Louisiana Women in Agriculture Conference
A demonstration of farm tools by women for women at Enola farms in Tensas Parish kicked off the Louisiana Women in Agriculture Conference.
For Cindy Murphy of Baton Rouge a retired schoolteacher, it was an opportunity for hands-on experience and what she hopes is a new career in agriculture.
“I love playing in the dirt. I love being outside. I think not all women belong inside. I think there’s a place for us outside as well.
The tour also included a demonstration by Amy weeks of West Monroe. A beekeeper hoping to create an interest in her occupation. Week says women make great beekeepers.
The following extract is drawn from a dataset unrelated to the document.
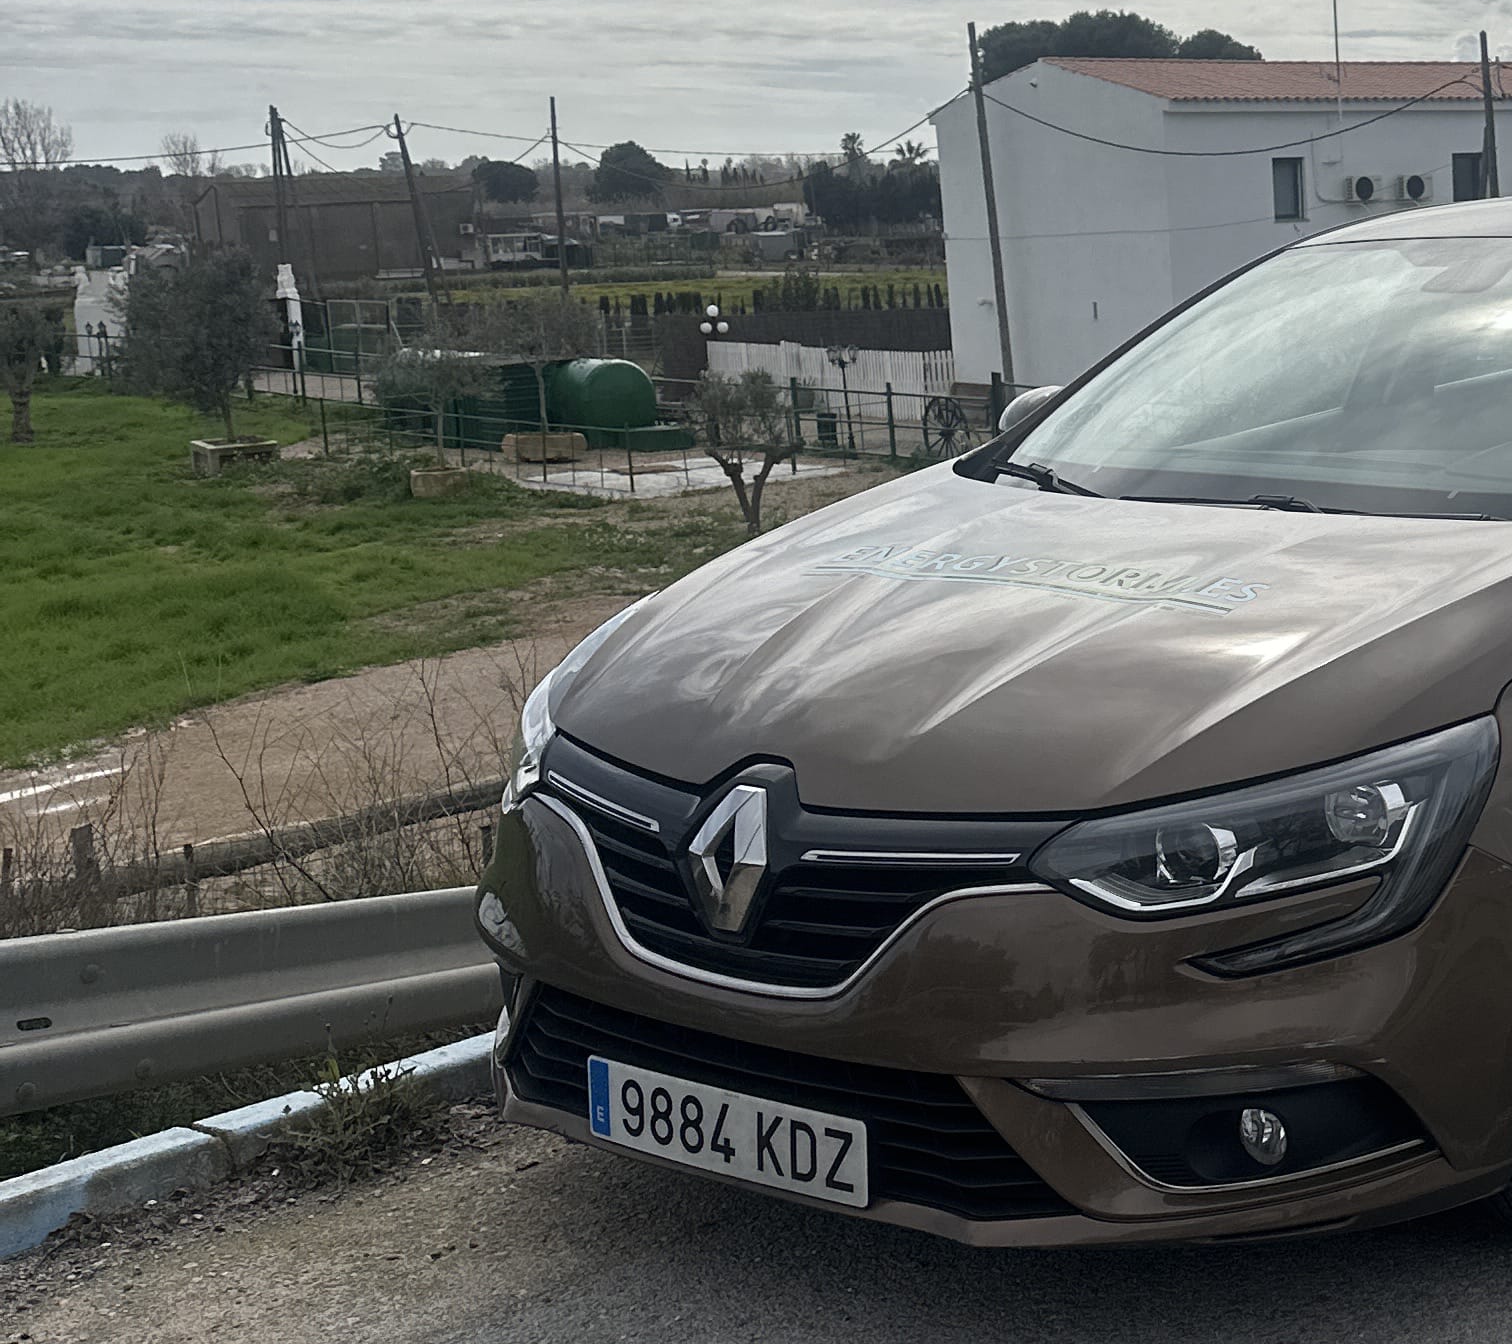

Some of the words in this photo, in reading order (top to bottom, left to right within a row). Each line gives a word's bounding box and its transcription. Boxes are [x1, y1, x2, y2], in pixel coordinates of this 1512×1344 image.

[597, 1104, 605, 1123] E
[621, 1079, 736, 1163] 9884
[756, 1111, 854, 1193] KDZ
“When it comes to queen rearing, we have really good motor skills. Women tend to be very good at it. And it’s very patient and calming enterprise and wholesome endeavor.”
Another highlight of the staff was seeing the high tunnel operation operated by Ann and Chris Mills. With help from the Natural Resources Conservation Service, the Mills basically have a year-round growing season. Brenda Archer, with the Rapides Soil and Conservation District, says the biggest take away from this conference is giving women the knowledge and encouragement to get their hands dirty.
“We’re doing this to get the women to encourage each other. Learn the practices from each other also to build each other up and empower each other.”
'There hasn't always been a lot of support for women in farming and now we're at a place where even our tractors and implements are being designed to make them more accessible for women. But also there are more female landowners in the US than there are male landowners."
There are 26,000 farms in Louisiana and 3500 of them are primarily operated by women.